The Shock of Recognition
by R.J. Snell
November 22, 2010
Newly defined and vigorously enforced rights have proliferated even as they are uprooted from any philosophic grounding.

In the matter of sexual mores we can note a tendency similar to that observed in Neuhaus’s Law, coined by the late Fr. Neuhaus, that “where orthodoxy is optional, orthodoxy will sooner or later be proscribed.” One might say that the law of changing sexual mores goes as follows: “Whenever the illicit becomes optional, the illicit will sooner or later oblige support.”

Popular attitudes on the use of contraception bear this out. Once thought immoral or illegal, contraception is now considered a moral responsibility. Not only may one use contraception, but one ought to use contraception if one is to be morally responsible. Similar changes are observable in the debates surrounding sexual activity outside of marriage or the nature of marriage itself. Premarital sex is “normal behavior” the research says, and we are left to wonder if normal describes a statistical or moral claim. Likewise, the reasoning of Judge Walker’s Proposition 8 ruling appears to treat the arguments against same-sex marriage as no more than the bigotry of tradition, thus lacking moral or legal force, and not the sort of position respectable and enlightened individuals could take seriously. Again, what was once illicit is now to be recognized and supported by all right-thinking persons.

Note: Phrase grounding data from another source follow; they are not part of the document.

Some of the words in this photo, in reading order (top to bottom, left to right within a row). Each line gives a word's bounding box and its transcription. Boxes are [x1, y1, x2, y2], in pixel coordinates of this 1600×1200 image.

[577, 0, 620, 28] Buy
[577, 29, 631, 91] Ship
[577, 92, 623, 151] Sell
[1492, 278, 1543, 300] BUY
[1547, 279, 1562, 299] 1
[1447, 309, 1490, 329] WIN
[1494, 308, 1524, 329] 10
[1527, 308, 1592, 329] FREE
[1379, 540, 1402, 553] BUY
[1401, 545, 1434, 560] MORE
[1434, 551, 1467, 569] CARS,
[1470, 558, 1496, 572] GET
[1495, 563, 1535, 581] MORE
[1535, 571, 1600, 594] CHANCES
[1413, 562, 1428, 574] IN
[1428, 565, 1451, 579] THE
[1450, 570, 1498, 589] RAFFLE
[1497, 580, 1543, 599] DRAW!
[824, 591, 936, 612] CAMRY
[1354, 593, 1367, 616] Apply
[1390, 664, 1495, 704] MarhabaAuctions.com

In its declaration of sexual rights, the International Planned Parenthood Federation takes sexual inversion to full term, claiming in its seventh principle that states are obliged to “respect, protect and fulfill the sexual rights of all.” Respecting sexual rights requires states “to refrain from interfering … with the enjoyment of a particular right.” Protecting sexual rights requires states “to take measure that prevent third parties from interfering with human rights guarantees,” and this, the IPPF indicates, includes holding accountable “not-for-profit and religious entities, as well as individuals.” Fulfilling sexual rights requires states to adopt “legislative, administrative, budgetary, judicial, promotional and other measures towards the full realization of the right.”

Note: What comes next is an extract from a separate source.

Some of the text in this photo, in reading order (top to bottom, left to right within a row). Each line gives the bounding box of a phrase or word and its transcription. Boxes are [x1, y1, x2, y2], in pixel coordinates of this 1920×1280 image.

The list of enumerated rights to be respected, protected, and fulfilled is quite extensive, including the right to pleasure, right to abortion without restriction, right to contraception, the right for everyone to marry or not as they choose, the right to explore dreams and fantasies without guilt or shame, and the right to information on non-conforming lifestyles. They assert all of this despite the rather obvious (and potentially absurd) difficulties of how the state is to fulfill the right to pleasure and fantasy or protect individuals from “problematic” religious teachings.

Those structural difficulties aside, the most serious problem of the sexual inversion would appear to be justifying such rights claims. What, precisely, grounds these rights? The IPPF notes that sexual rights are human rights but does so without any explanation or defense. This is just as well, since any defense or grounding of the rights places their conclusions in jeopardy of incoherence.

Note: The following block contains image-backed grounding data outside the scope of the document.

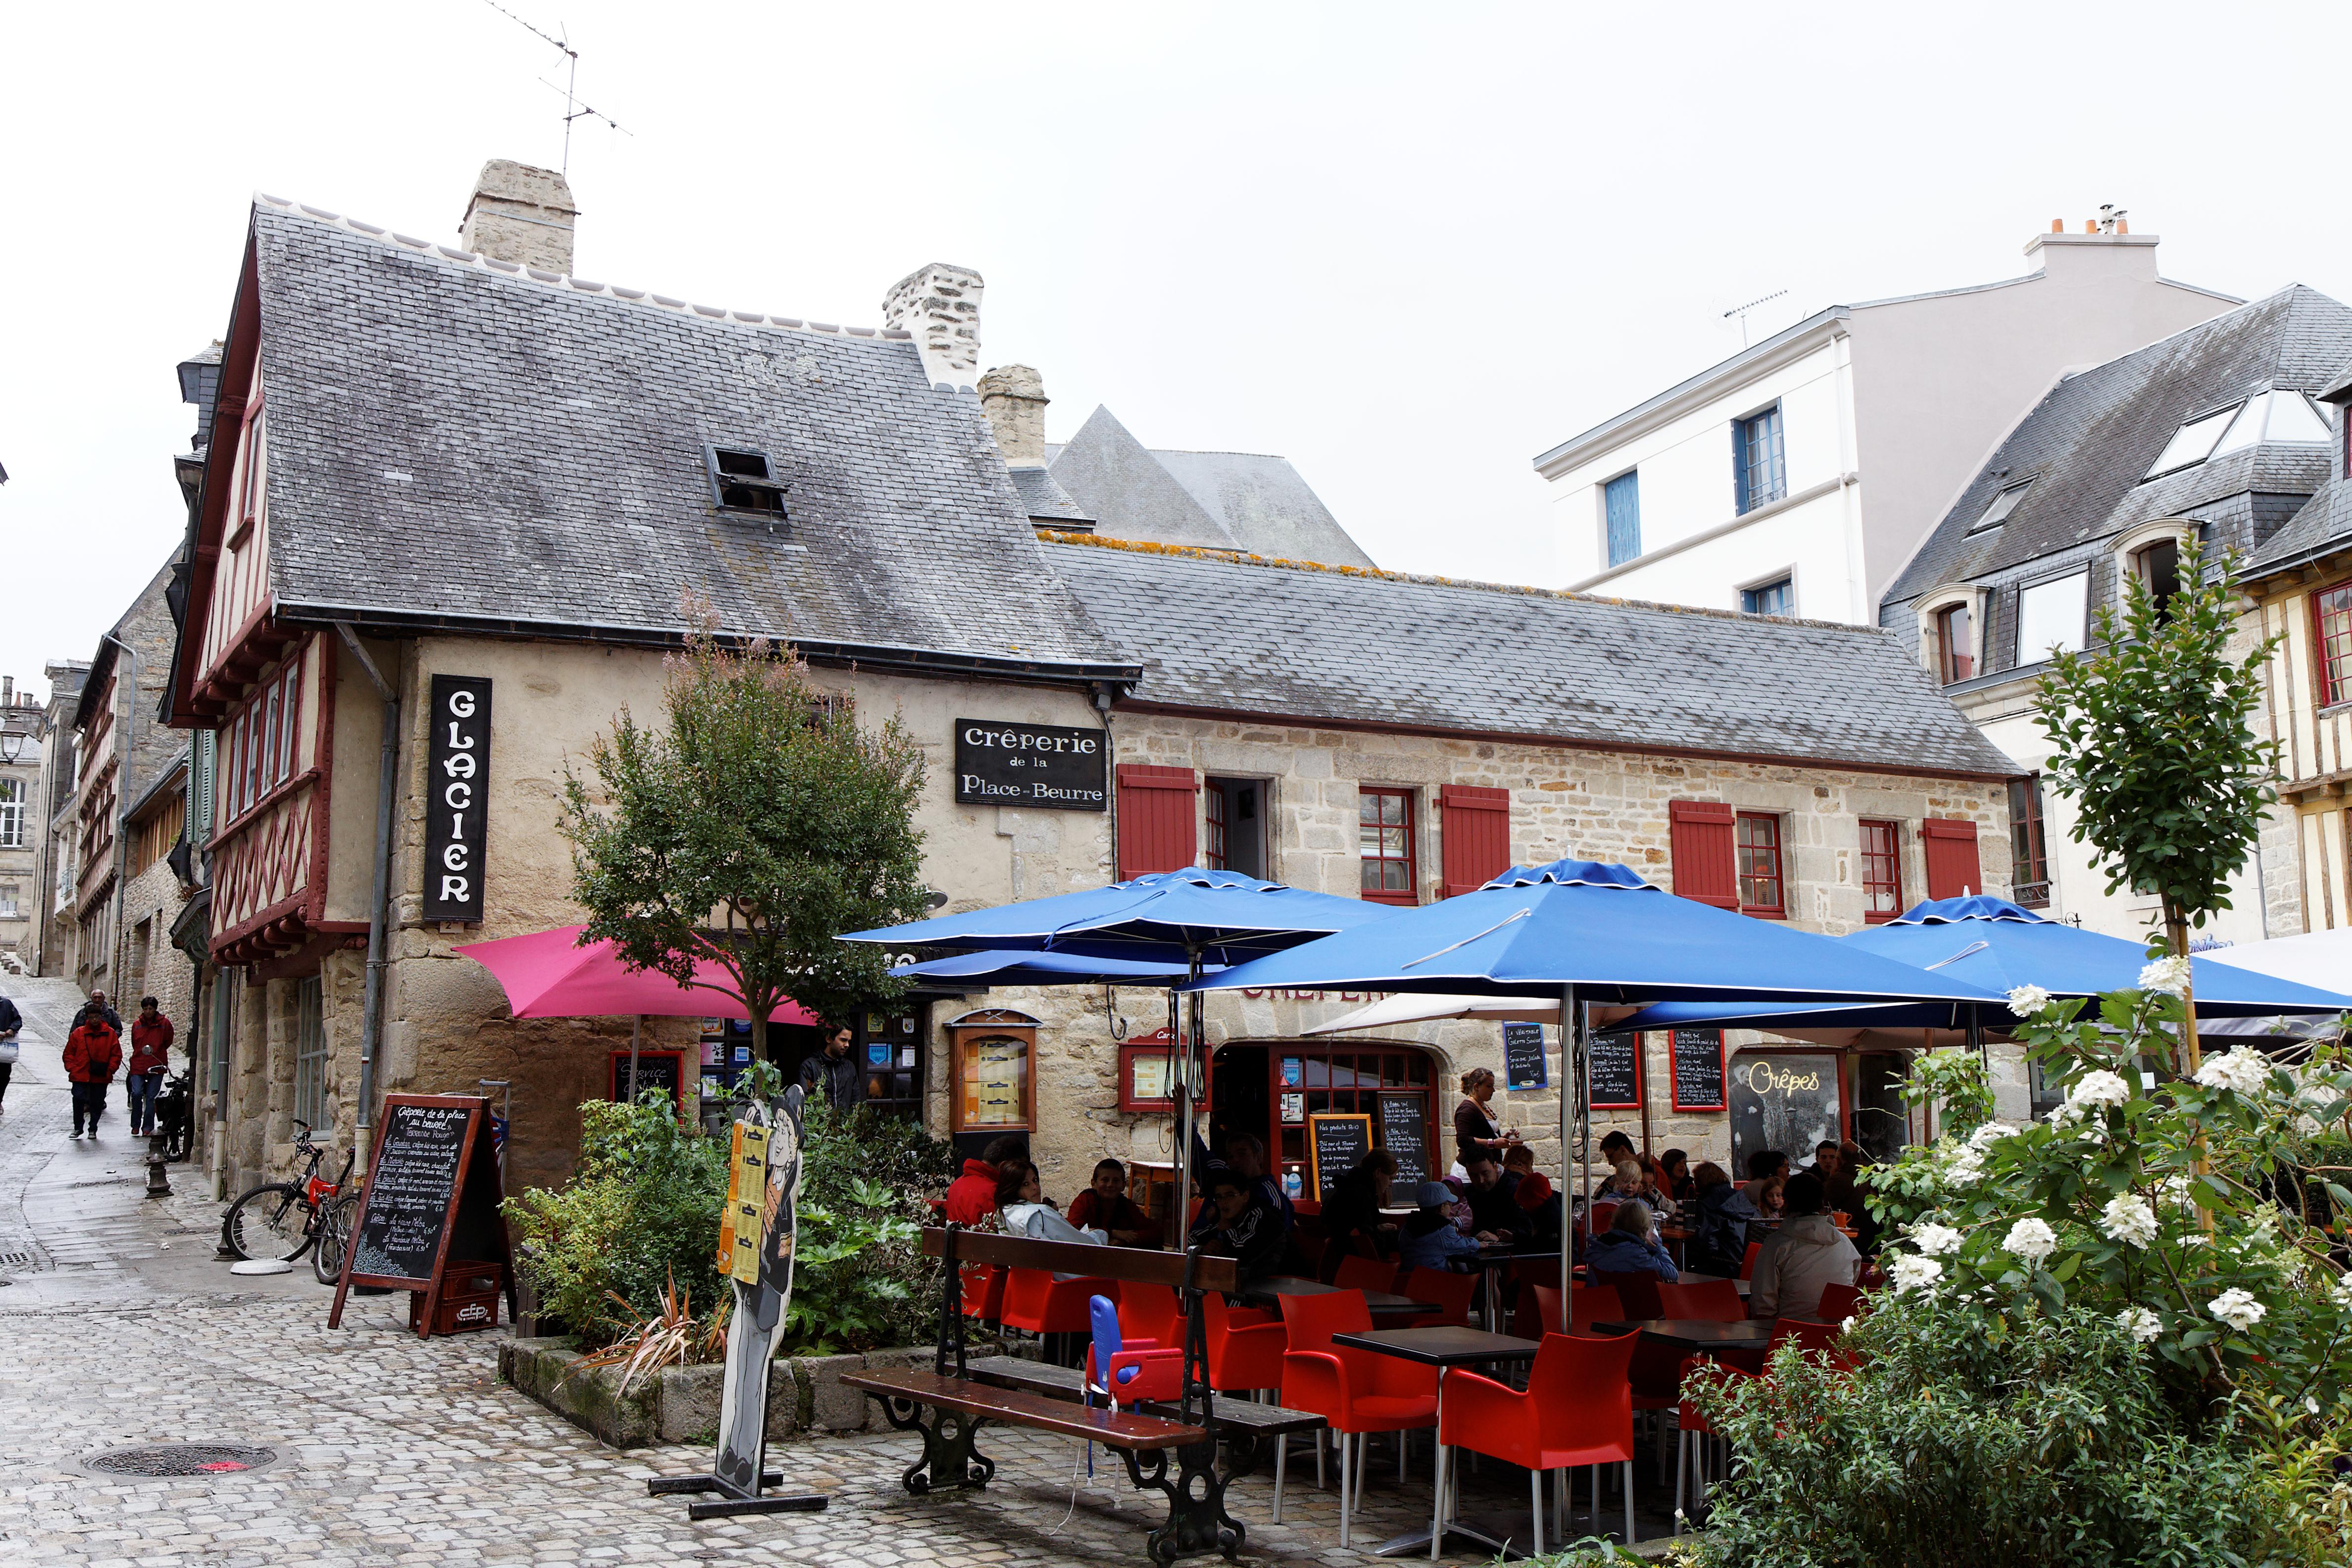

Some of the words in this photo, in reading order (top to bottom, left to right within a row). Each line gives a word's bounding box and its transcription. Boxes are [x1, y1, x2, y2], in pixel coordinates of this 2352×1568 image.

[1010, 757, 1026, 767] de
[1033, 757, 1047, 767] la
[962, 774, 1021, 796] Place
[1032, 783, 1103, 801] Beurre
[439, 690, 476, 903] GLACIER
[621, 1064, 667, 1078] Srvice
[1749, 1062, 1819, 1097] Crêpes
[398, 1107, 426, 1122] Crêperie
[427, 1109, 436, 1119] de
[437, 1110, 445, 1119] la
[445, 1110, 466, 1124] place
[422, 1118, 446, 1130] beurre
[1329, 1124, 1346, 1133] produits

Classical liberal theory grounded natural rights in “substantial equality,” as French political theorist Philippe Bénéton terms it. In theory, not always in practice, the liberal taught that humans were equal in their humanity. All were equal in their substance even if differing in religion, politics, class, race, sex, ability, and so on. Consequently, natural rights were acknowledged in recognition of sameness. Others were the same flesh and blood and soul as me, and I was to look at others and recognize that this “other” is morally equal to me in dignity and rights.

Now it is not so. Bénéton argues that classical liberalism and its assumption of sameness is undone by subversive and radical versions of contemporary liberalism. Having refused to accept any limitations on freedom, radical liberalism must also lose human equality, for a substantial human nature would imply a stable, fixed order wherein some actions would be considered more or less worthy of a human. But such order and its assumption of value is antithetical to a purely indeterminate freedom whereby one is entitled to each and every identity one claims for oneself.

Of course, a refusal of human commonality renders recognition of the substantial equality of the other impossible, for if neither I nor other persons are defined by our common humanity, what could possibly oblige me to treat them with the same dignity I demand for myself? How can we claim human dignity when a common measure of humanity is refused?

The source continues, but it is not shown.